Leptin, a hormone responsible for enforcing energy balance, is a powerful regulator of bone mass. Leptin signals in the dorsal raphe of the brainstem to inhibit serotonin synthesis by Tph2. Serotonergic neurons from the dorsal raphe synapse at several nuclei in the hypothalamus including the VMH. Htr2c signaling in the VMH inhibits sympathetic nervous system activity in the skeleton, thereby inhibiting bone mass accrual. Within the skeleton, the sympathetic nervous system releases norepinephrine, which signals on osteoblasts to stimulate bone resorption and inhibits bone formation.
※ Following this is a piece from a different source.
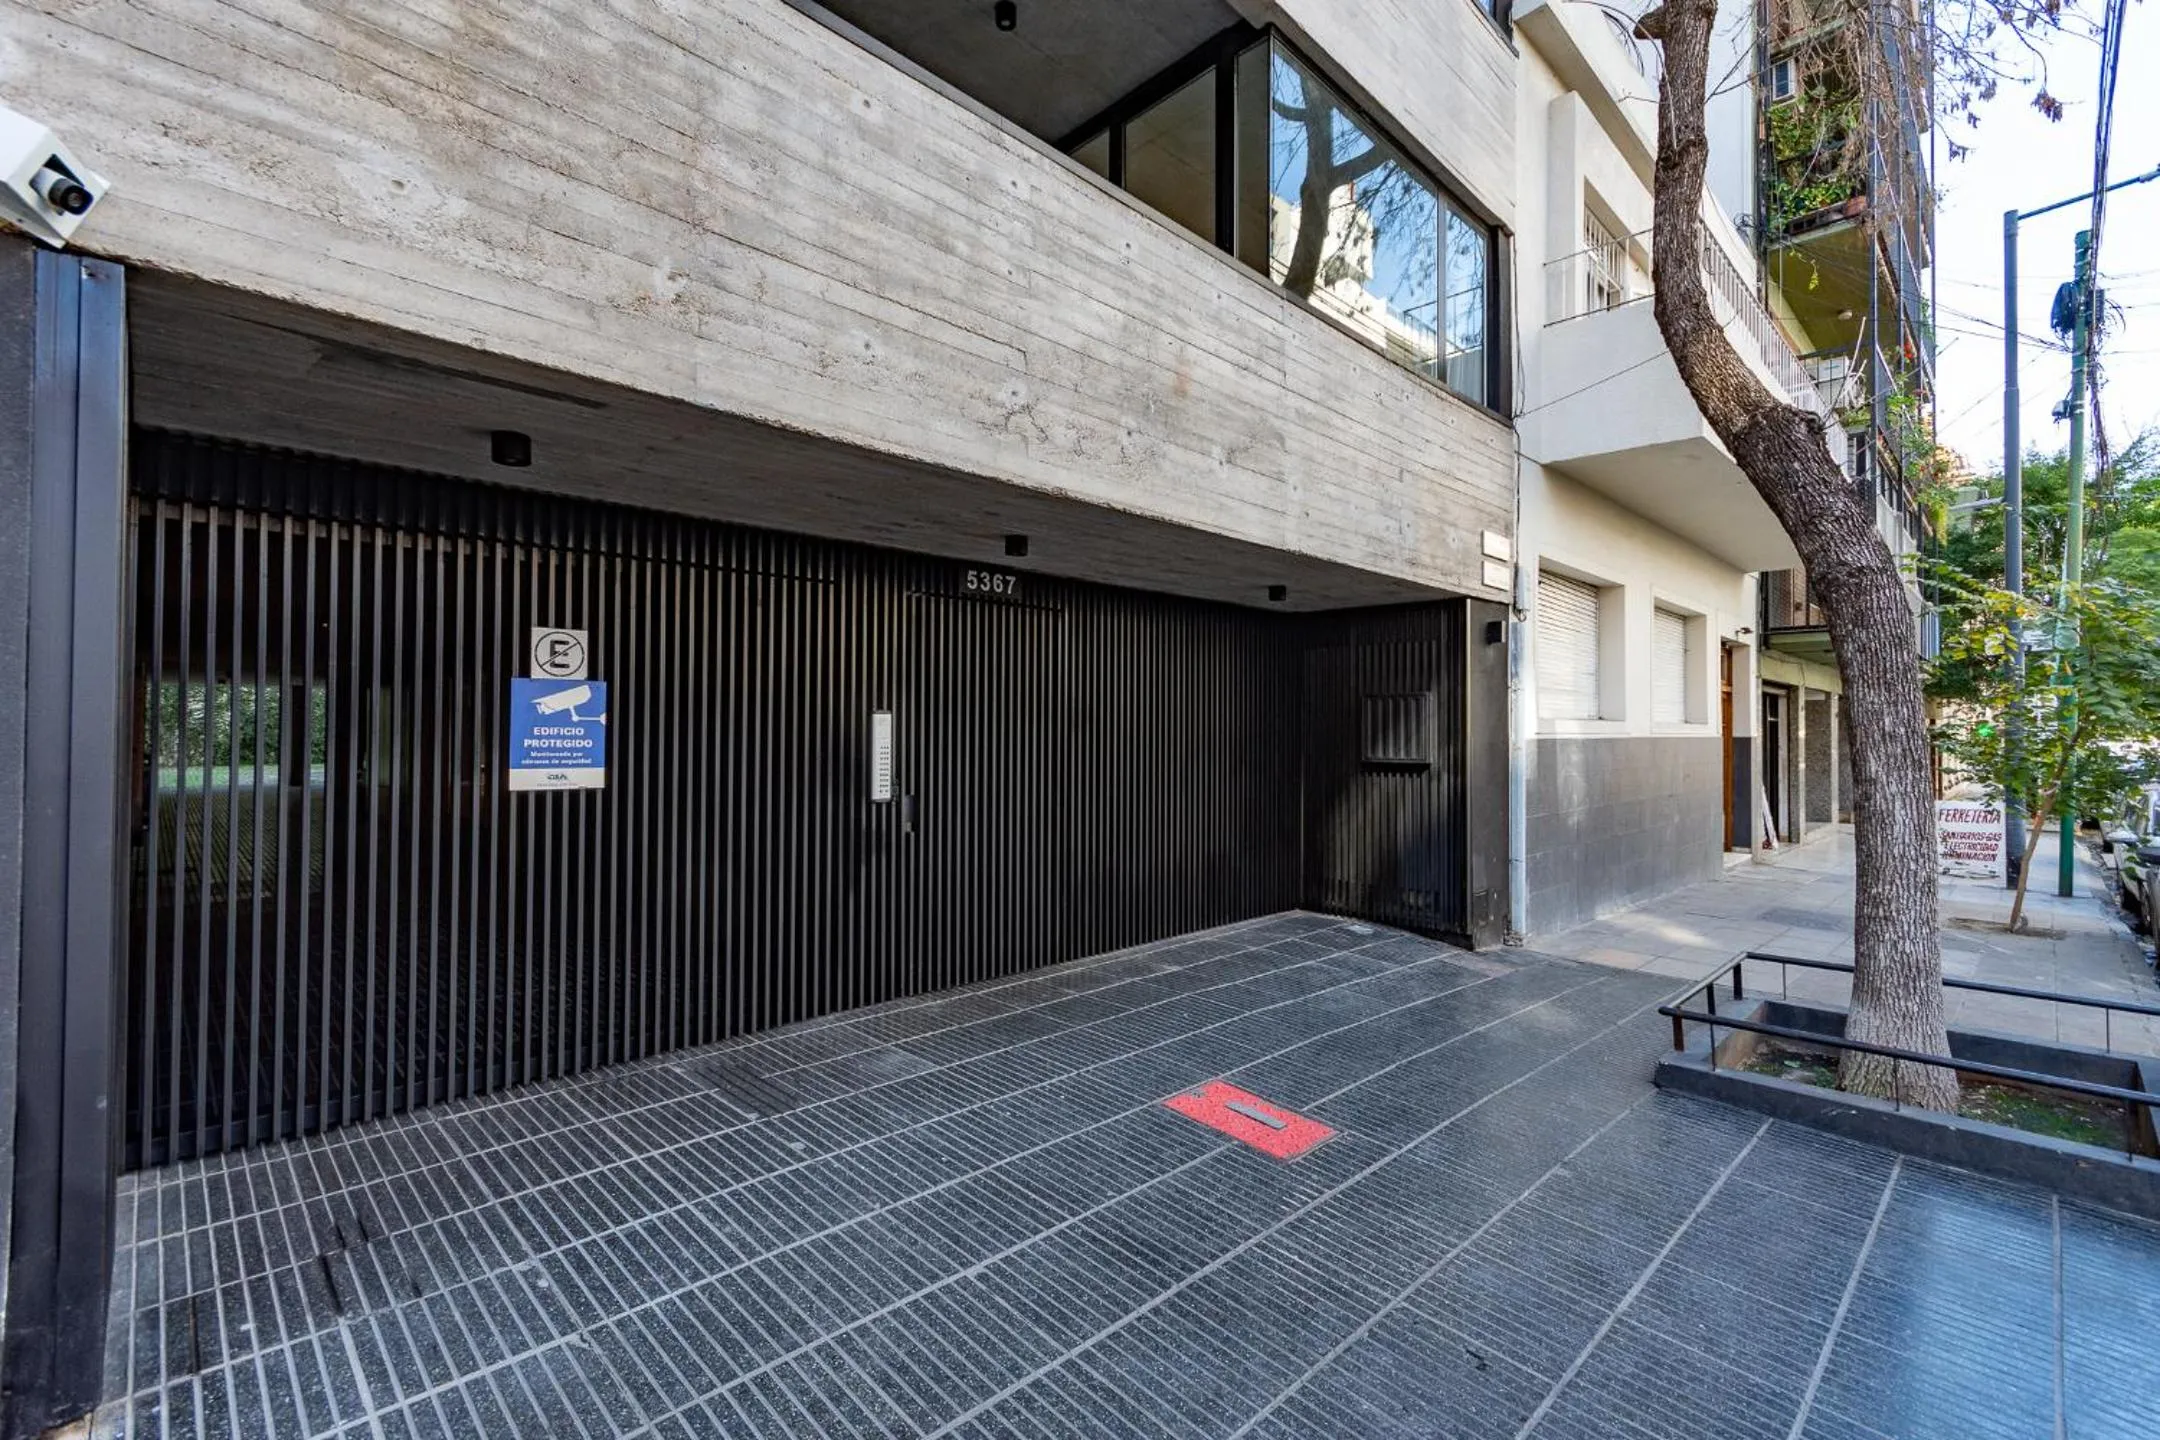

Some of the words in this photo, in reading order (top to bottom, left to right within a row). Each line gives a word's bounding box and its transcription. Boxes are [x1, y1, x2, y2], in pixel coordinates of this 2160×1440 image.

[967, 570, 1016, 594] 5367
[550, 640, 570, 667] E
[533, 727, 584, 736] EDIFICIO
[523, 739, 593, 748] PROTEGIDO
In mice, norepinephrine signals through Adrb2, but in humans, sympathetic norepinephrine signals through both Adrb1 and Adrb2. The effects of norepinephrine signaling on bone mass accrual are conserved between mice and humans. Altogether, this series of findings made several points. First, an energy metabolism hormone does regulate bone mass accrual, a process that consumes a great deal of energy. Second, the central nervous system controls bone mass. Third, the sympathetic nervous system is a powerful inhibitor of bone mass accrual.